ASSIGNMENT:
The response should be an exact copy of the records, with the pictures removed.

PROVIDED DATA:
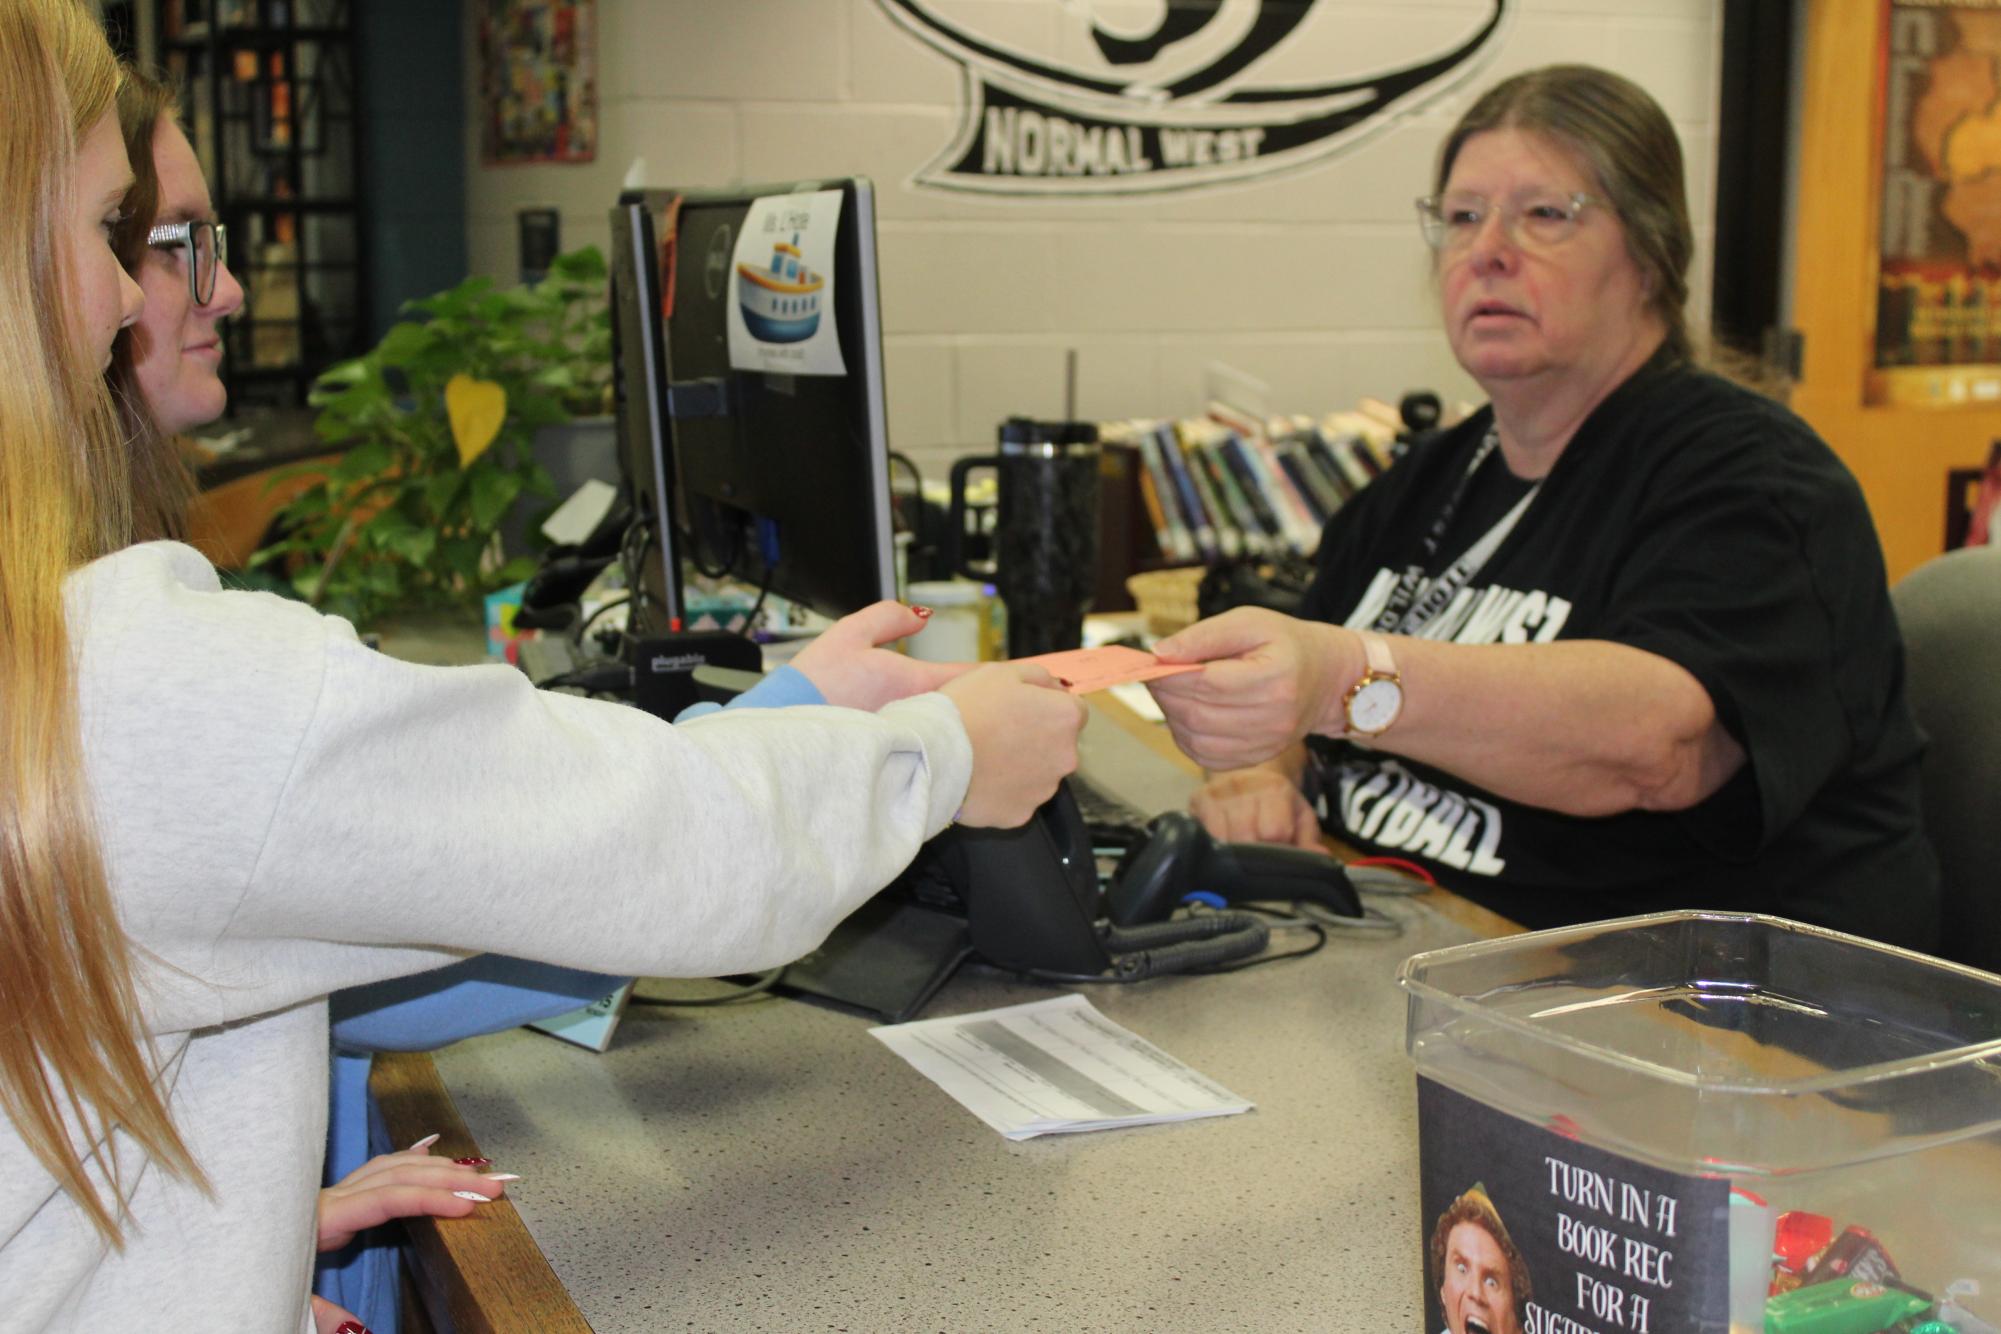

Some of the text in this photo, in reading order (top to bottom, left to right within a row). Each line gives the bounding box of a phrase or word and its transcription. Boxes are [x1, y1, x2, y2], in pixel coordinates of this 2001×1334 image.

[983, 106, 1267, 175] NORMAL WEST
[1545, 1156, 1678, 1238] TURN IN A
[1557, 1212, 1673, 1289] BOOK REC
[1576, 1271, 1650, 1334] FOR A
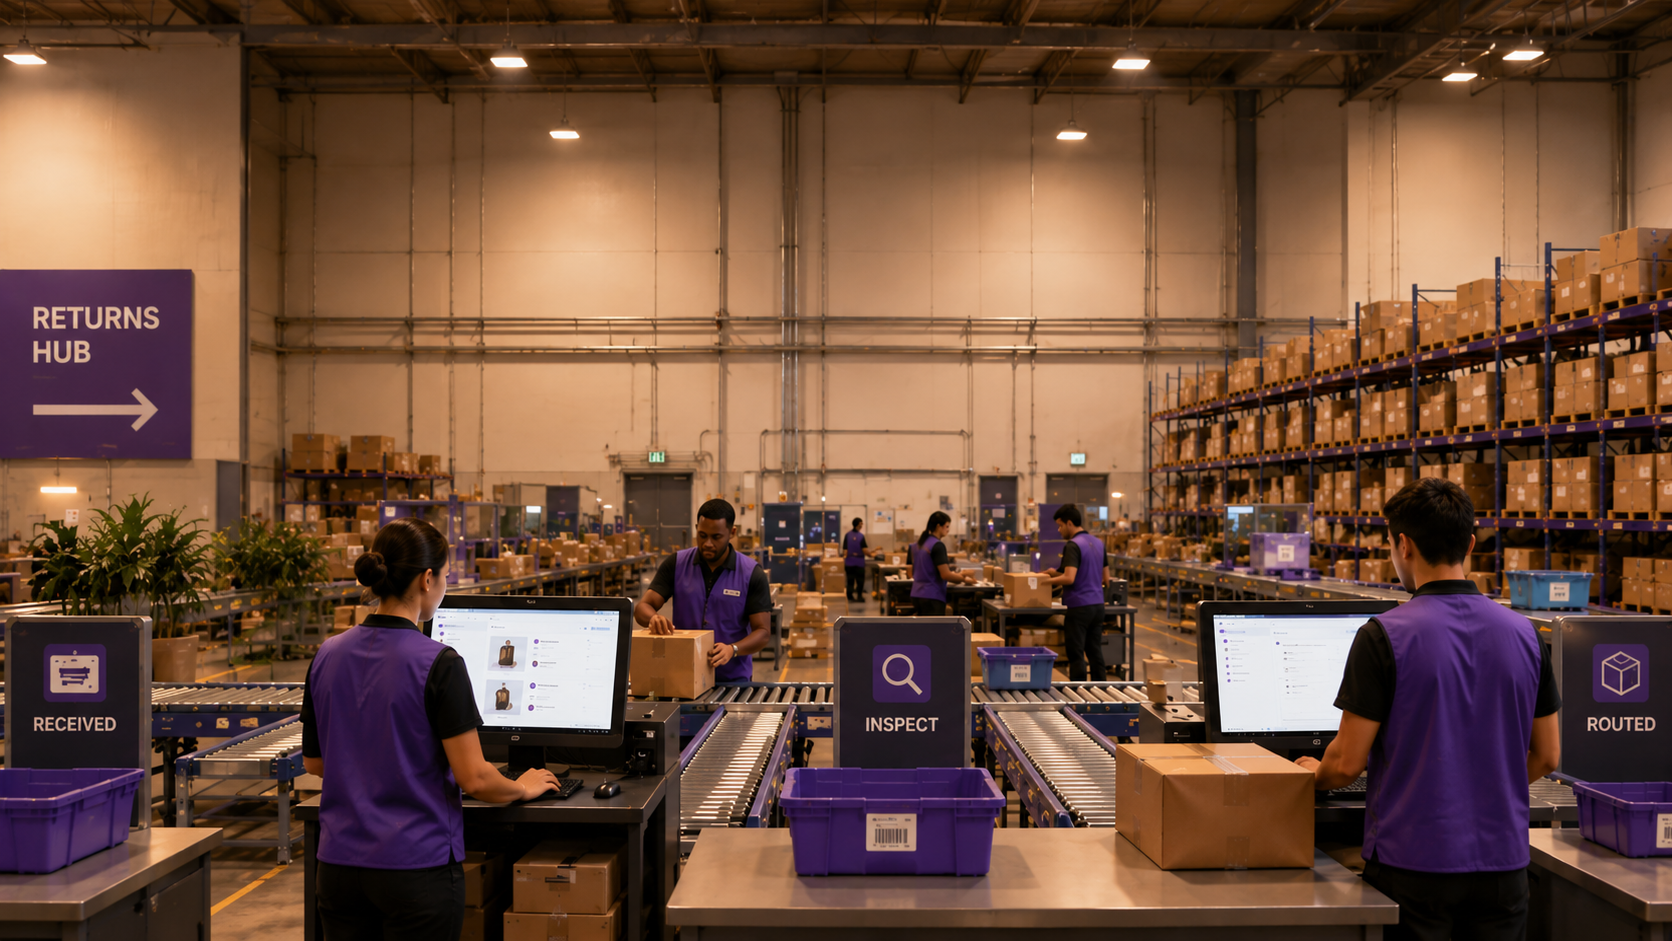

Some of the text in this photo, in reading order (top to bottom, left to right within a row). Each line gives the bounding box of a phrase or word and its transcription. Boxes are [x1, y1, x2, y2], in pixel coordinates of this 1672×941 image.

[33, 306, 160, 330] RETURNS
[33, 340, 91, 363] HUB
[33, 716, 117, 732] RECEIVED
[865, 717, 939, 732] INSPECT
[1586, 716, 1656, 732] ROUTED
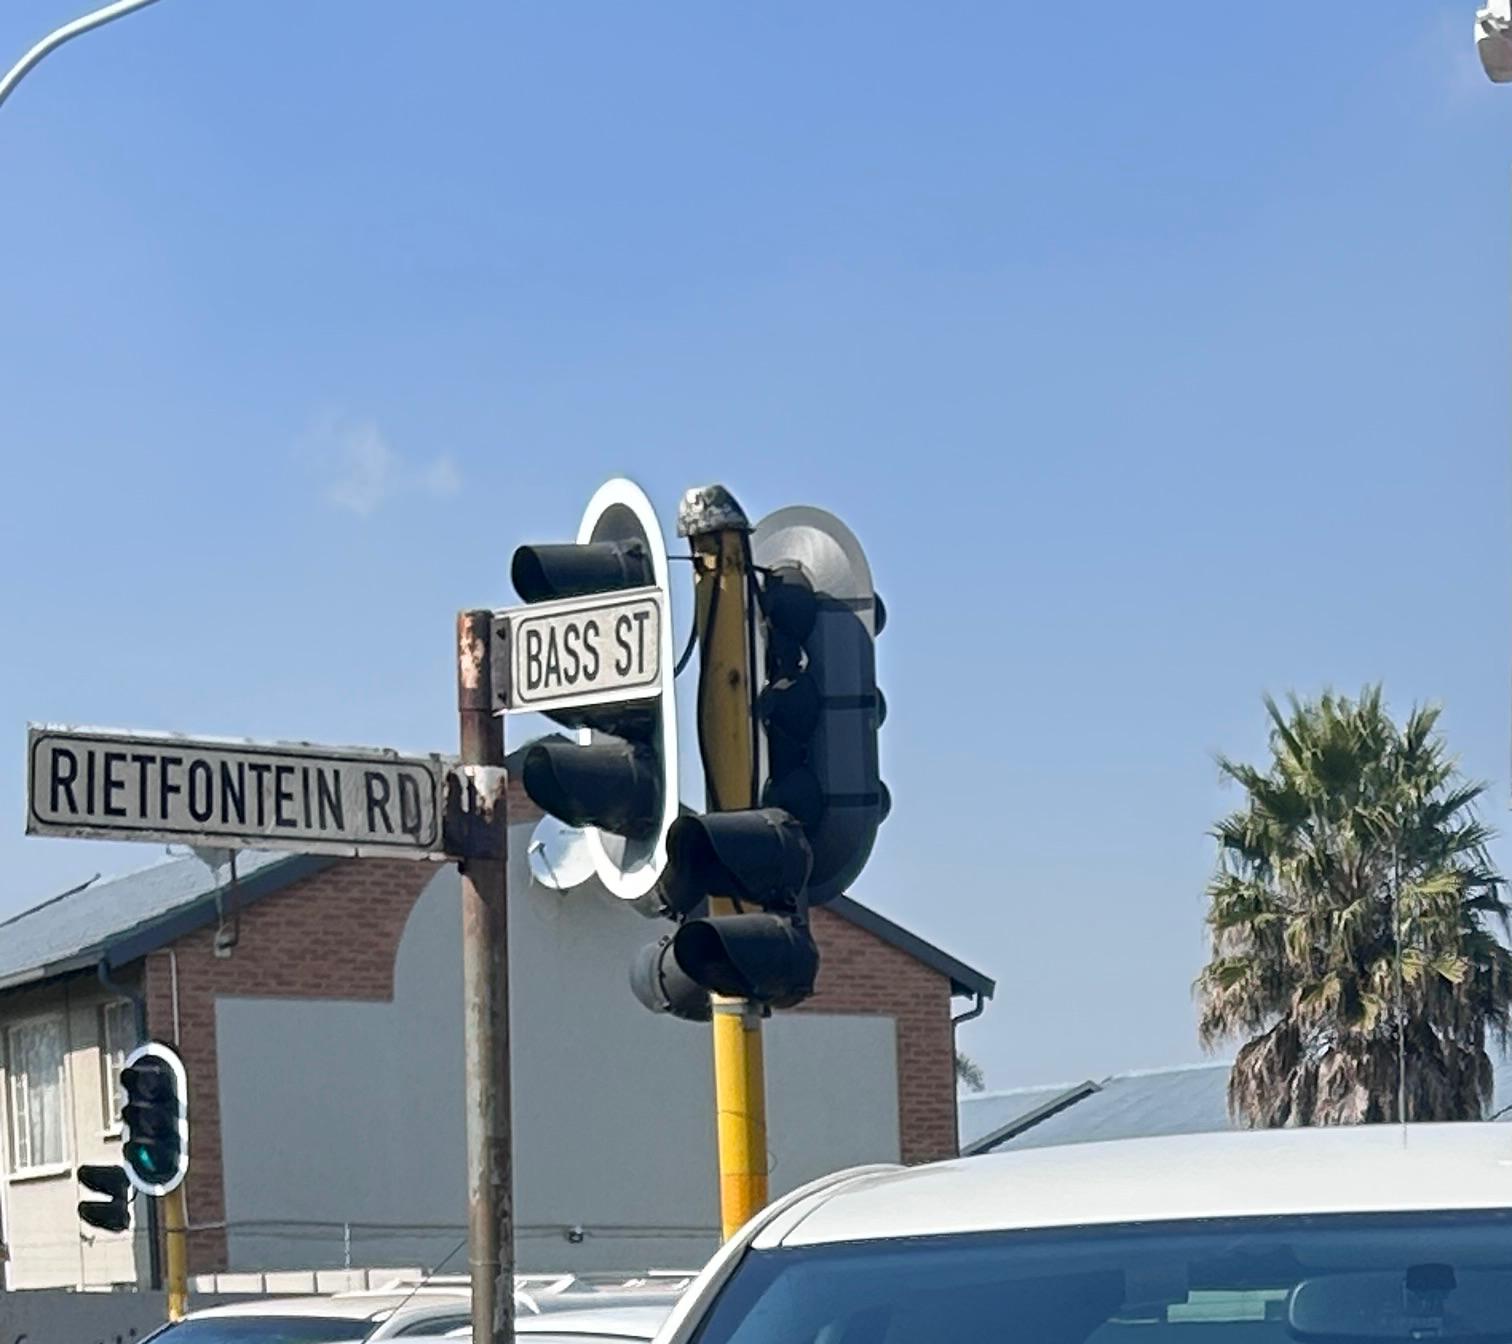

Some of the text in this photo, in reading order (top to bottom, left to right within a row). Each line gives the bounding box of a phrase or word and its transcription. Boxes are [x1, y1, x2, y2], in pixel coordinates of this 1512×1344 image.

[526, 609, 651, 692] BASS ST
[48, 746, 423, 837] RIETFONTEIN RD
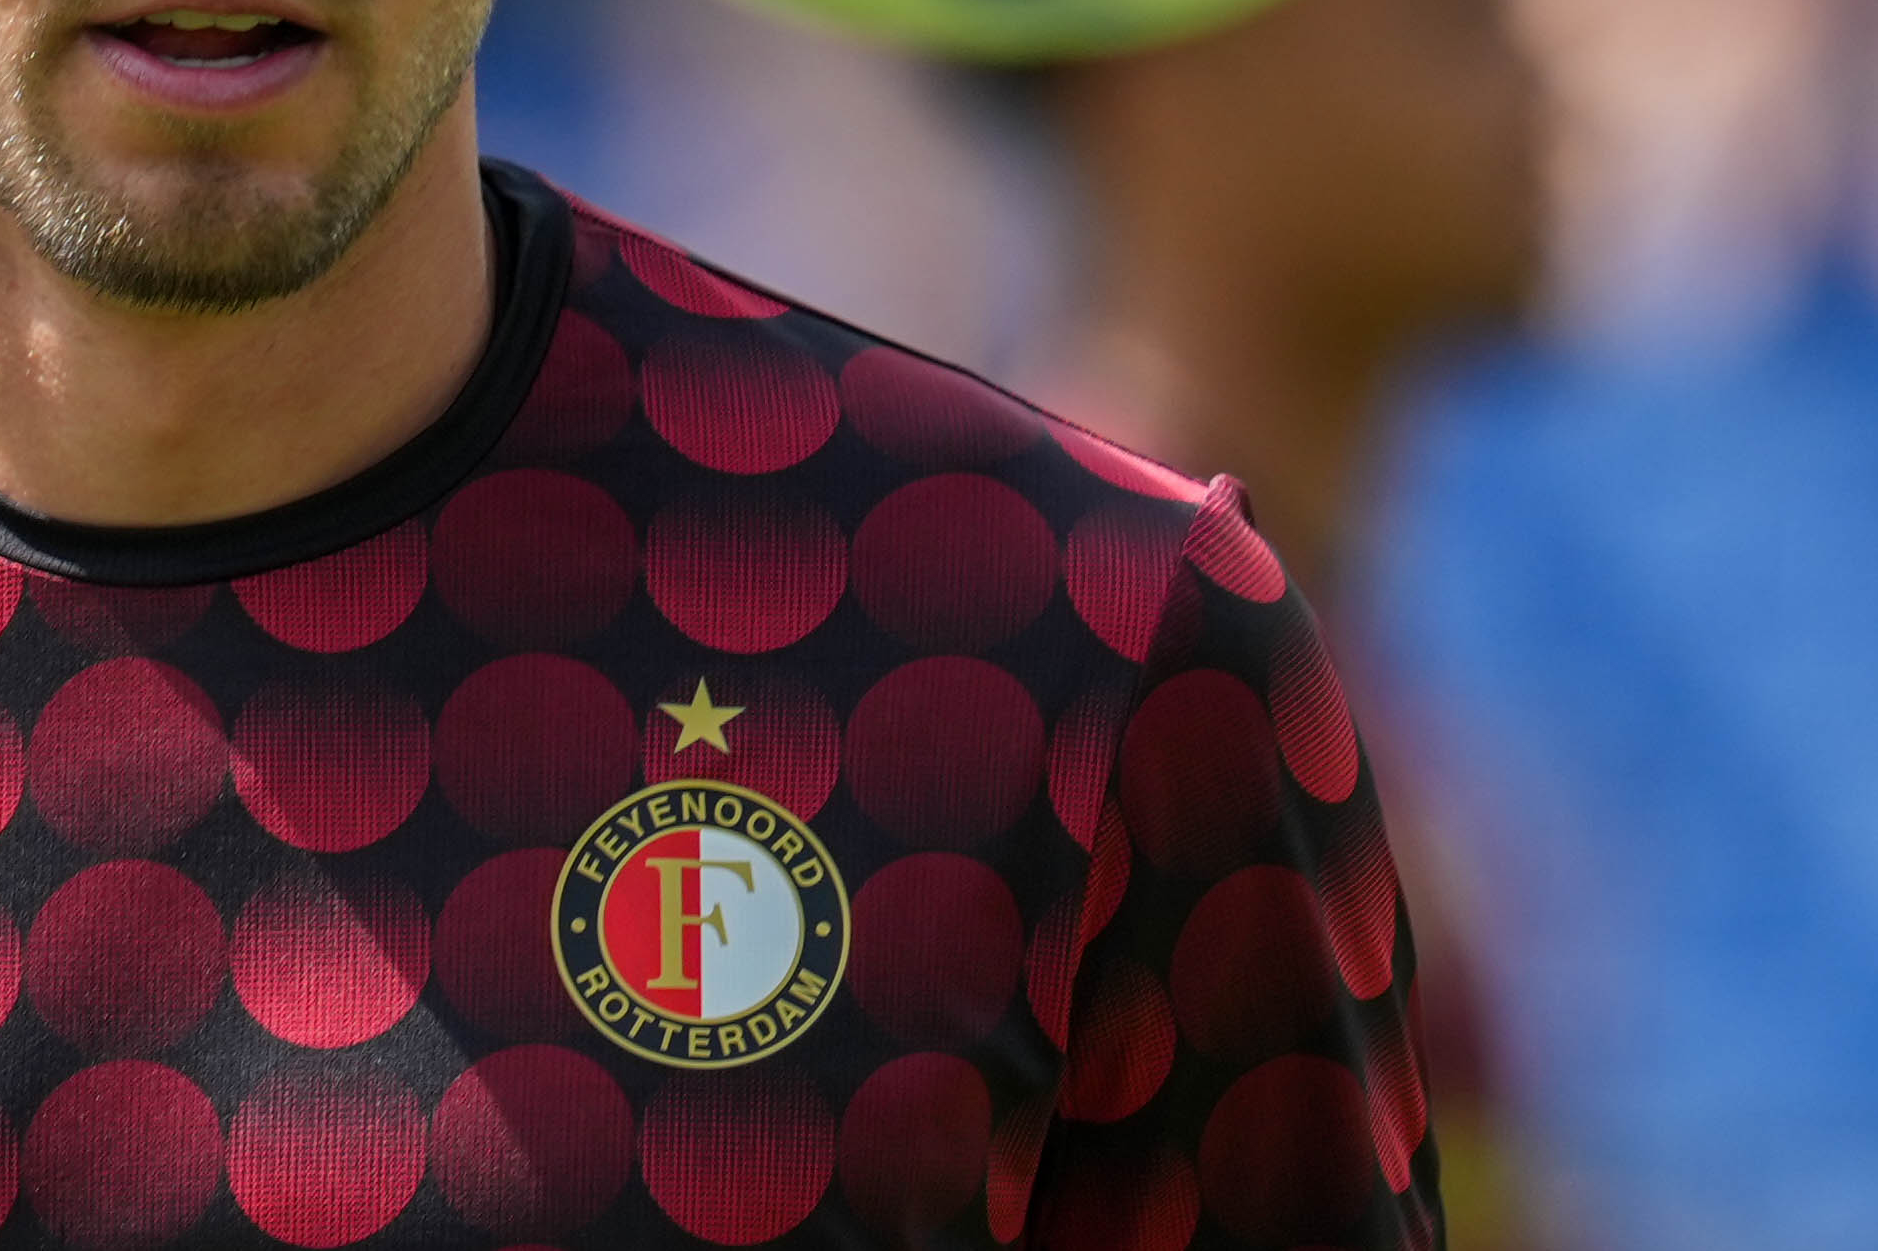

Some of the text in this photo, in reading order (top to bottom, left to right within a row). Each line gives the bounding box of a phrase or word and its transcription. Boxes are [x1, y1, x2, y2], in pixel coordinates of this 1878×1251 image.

WRITTEN RESPONSE:
Some of the text in this photo, in reading order (top to bottom, left to right within a row). Each line gives the bounding box of a phrase or word and its transcription. Boxes are [x1, y1, x2, y2], in pixel coordinates of this 2001×1334 image.

[983, 106, 1267, 175] NORMAL WEST
[1545, 1156, 1678, 1238] TURN IN A
[1557, 1212, 1673, 1289] BOOK REC
[1576, 1271, 1650, 1334] FOR A

Some of the text in this photo, in reading order (top to bottom, left to right within a row). Each line gives the bounding box of a phrase or word and its transcription. Boxes are [x1, y1, x2, y2], in pixel coordinates of this 1672×941 image.

[33, 306, 160, 330] RETURNS
[33, 340, 91, 363] HUB
[33, 716, 117, 732] RECEIVED
[865, 717, 939, 732] INSPECT
[1586, 716, 1656, 732] ROUTED

Some of the text in this photo, in reading order (top to bottom, left to right within a row). Each line gives the bounding box of a phrase or word and its transcription. Boxes are [x1, y1, x2, y2], in pixel coordinates of this 1512×1344 image.

[526, 609, 651, 692] BASS ST
[48, 746, 423, 837] RIETFONTEIN RD

Some of the text in this photo, in reading order (top to bottom, left to right within a row). Each line gives the bounding box of a phrase or word and its transcription. Boxes are [x1, y1, x2, y2], in pixel coordinates of this 1878×1251 image.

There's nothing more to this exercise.